Image-backed grounding data

++++++

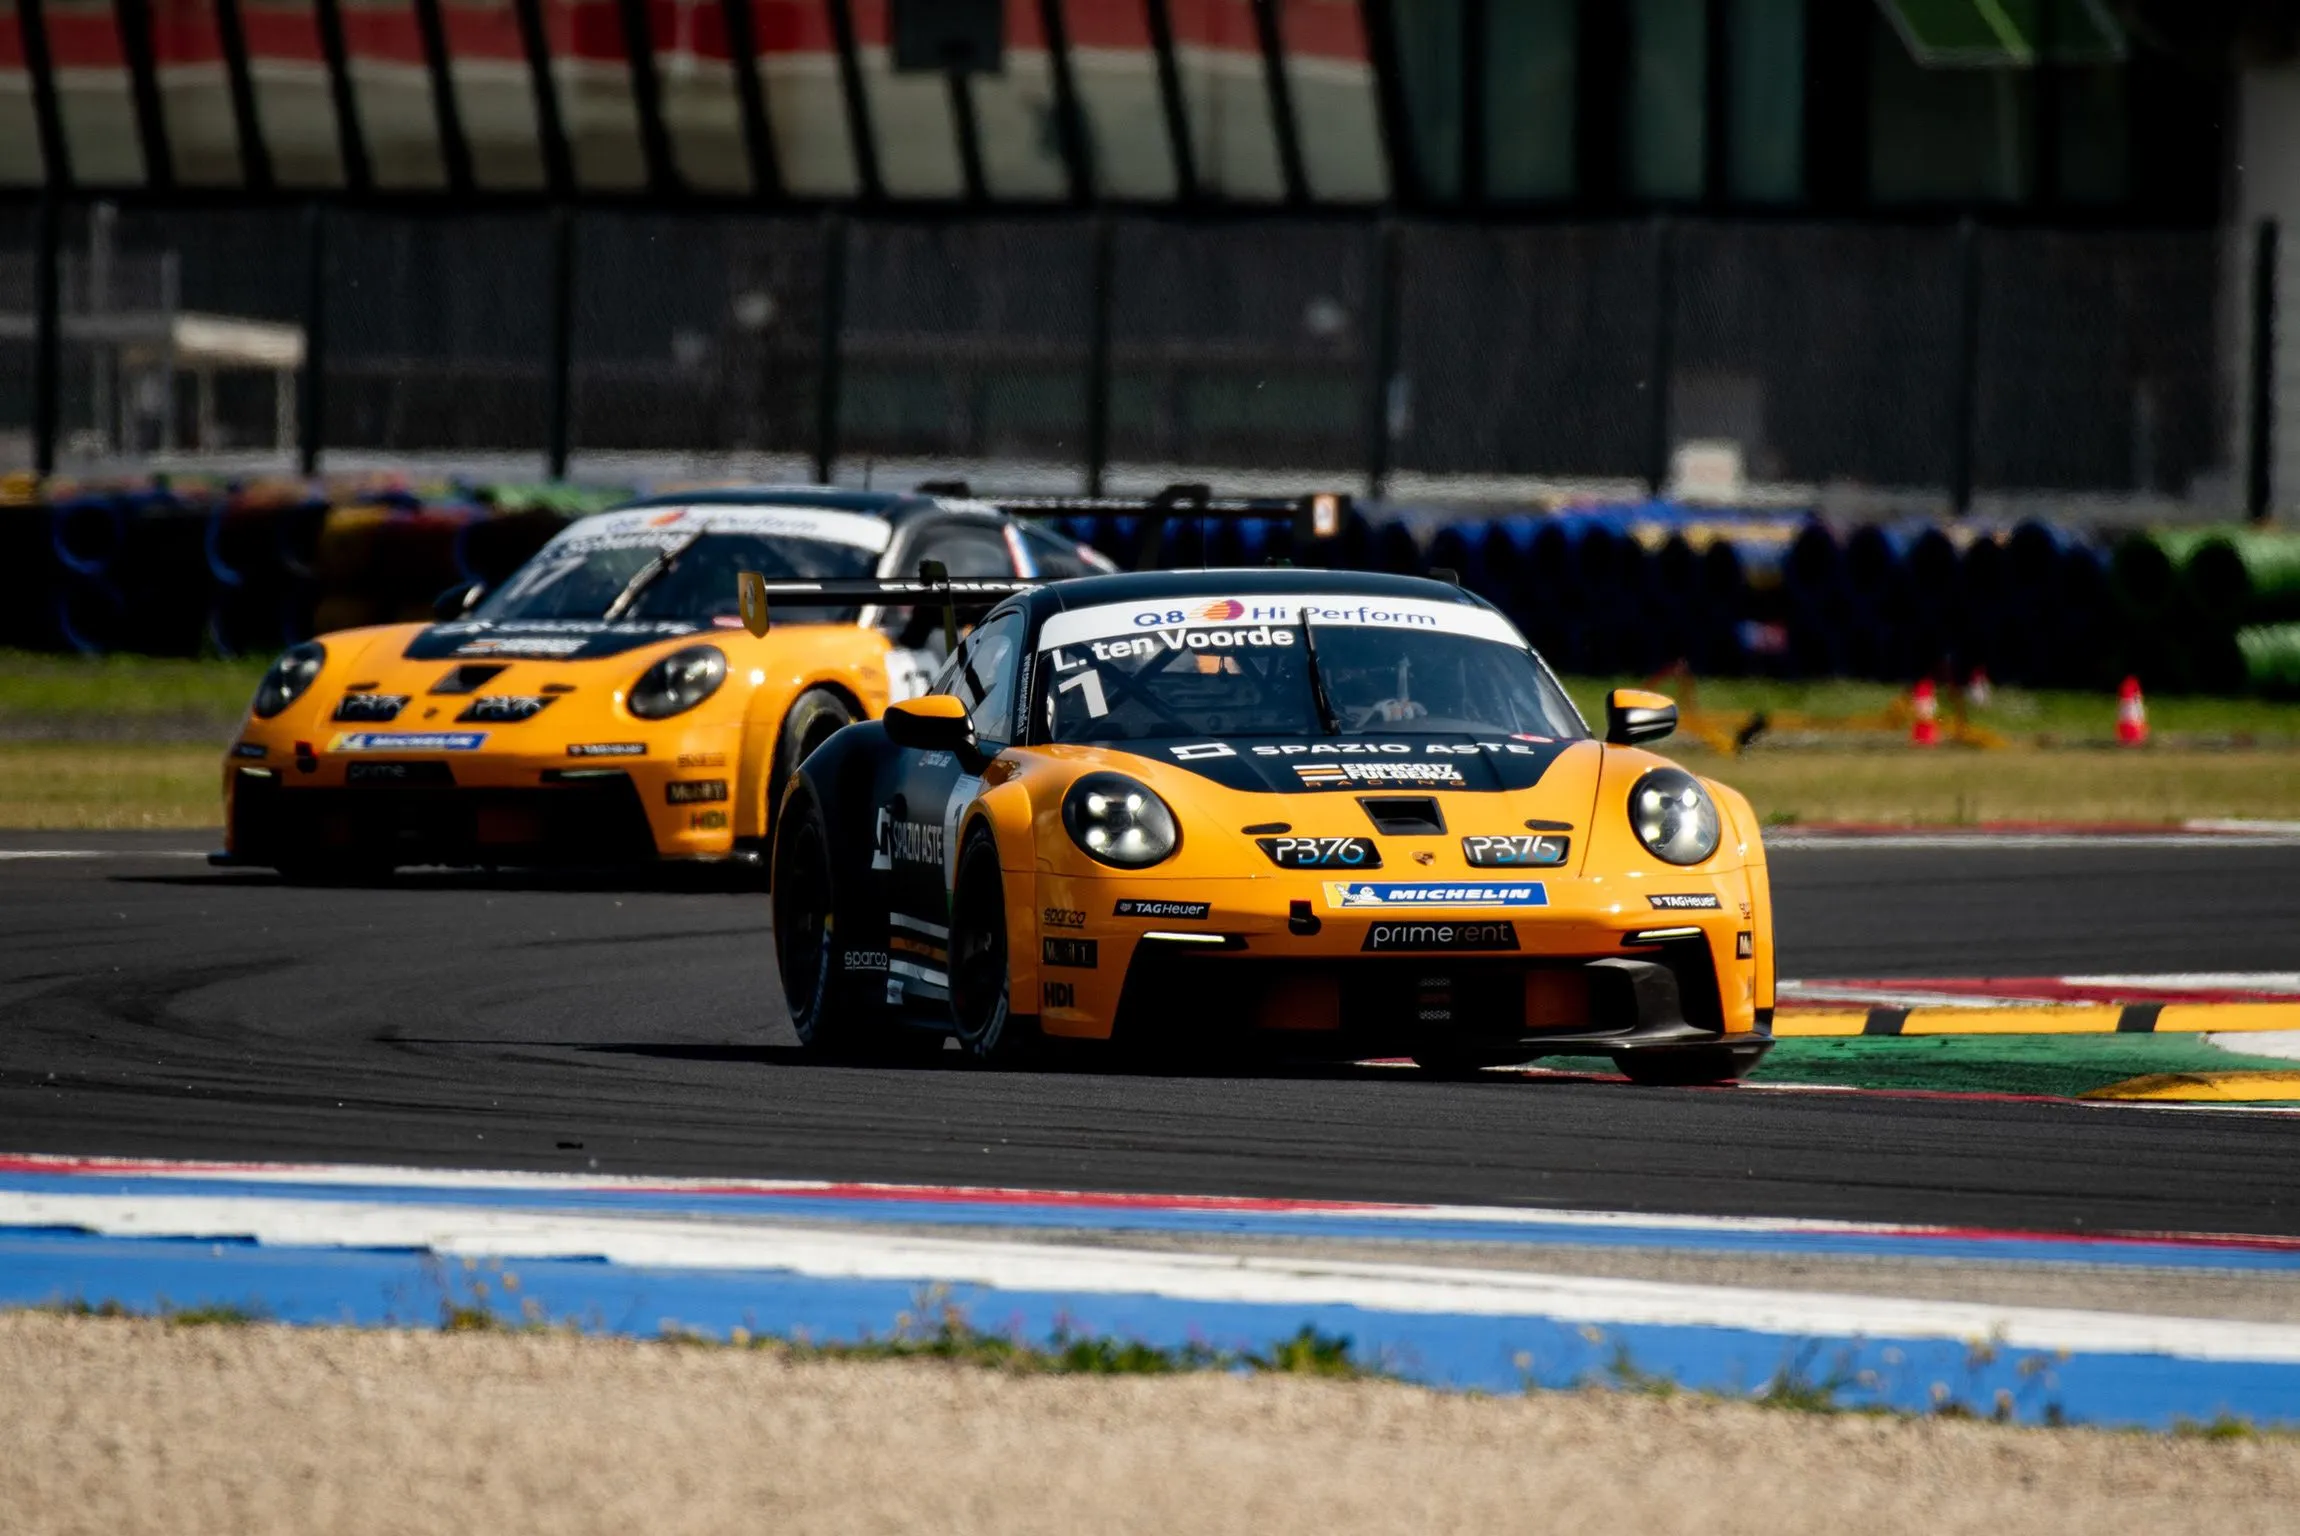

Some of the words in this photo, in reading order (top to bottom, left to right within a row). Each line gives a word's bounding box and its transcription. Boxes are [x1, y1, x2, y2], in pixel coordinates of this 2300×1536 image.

[1133, 610, 1186, 628] Q8
[1252, 607, 1287, 620] Hi
[1305, 606, 1437, 626] Perform
[1051, 648, 1088, 672] L.
[1091, 636, 1155, 661] ten
[1157, 626, 1295, 651] Voorde
[1057, 668, 1109, 719] 1
[1251, 743, 1412, 756] SPAZIO
[1425, 742, 1535, 755] ASTE
[1305, 779, 1467, 788] RACING
[921, 824, 944, 865] ASTE
[1276, 837, 1365, 864] P376
[1468, 836, 1558, 863] P376
[1388, 888, 1532, 900] MICHELIN
[1043, 908, 1087, 926] sparco
[1373, 923, 1509, 947] primerent
[844, 950, 888, 970] sparco
[1043, 982, 1076, 1008] HDI

++++++

**Exercise description**
Output the records verbatim, every one of them, and keep the pictures out.

**Problem solution**
Some of the words in this photo, in reading order (top to bottom, left to right within a row). Each line gives a word's bounding box and its transcription. Boxes are [x1, y1, x2, y2], in pixel coordinates of this 2300×1536 image.

[1133, 610, 1186, 628] Q8
[1252, 607, 1287, 620] Hi
[1305, 606, 1437, 626] Perform
[1051, 648, 1088, 672] L.
[1091, 636, 1155, 661] ten
[1157, 626, 1295, 651] Voorde
[1057, 668, 1109, 719] 1
[1251, 743, 1412, 756] SPAZIO
[1425, 742, 1535, 755] ASTE
[1305, 779, 1467, 788] RACING
[921, 824, 944, 865] ASTE
[1276, 837, 1365, 864] P376
[1468, 836, 1558, 863] P376
[1388, 888, 1532, 900] MICHELIN
[1043, 908, 1087, 926] sparco
[1373, 923, 1509, 947] primerent
[844, 950, 888, 970] sparco
[1043, 982, 1076, 1008] HDI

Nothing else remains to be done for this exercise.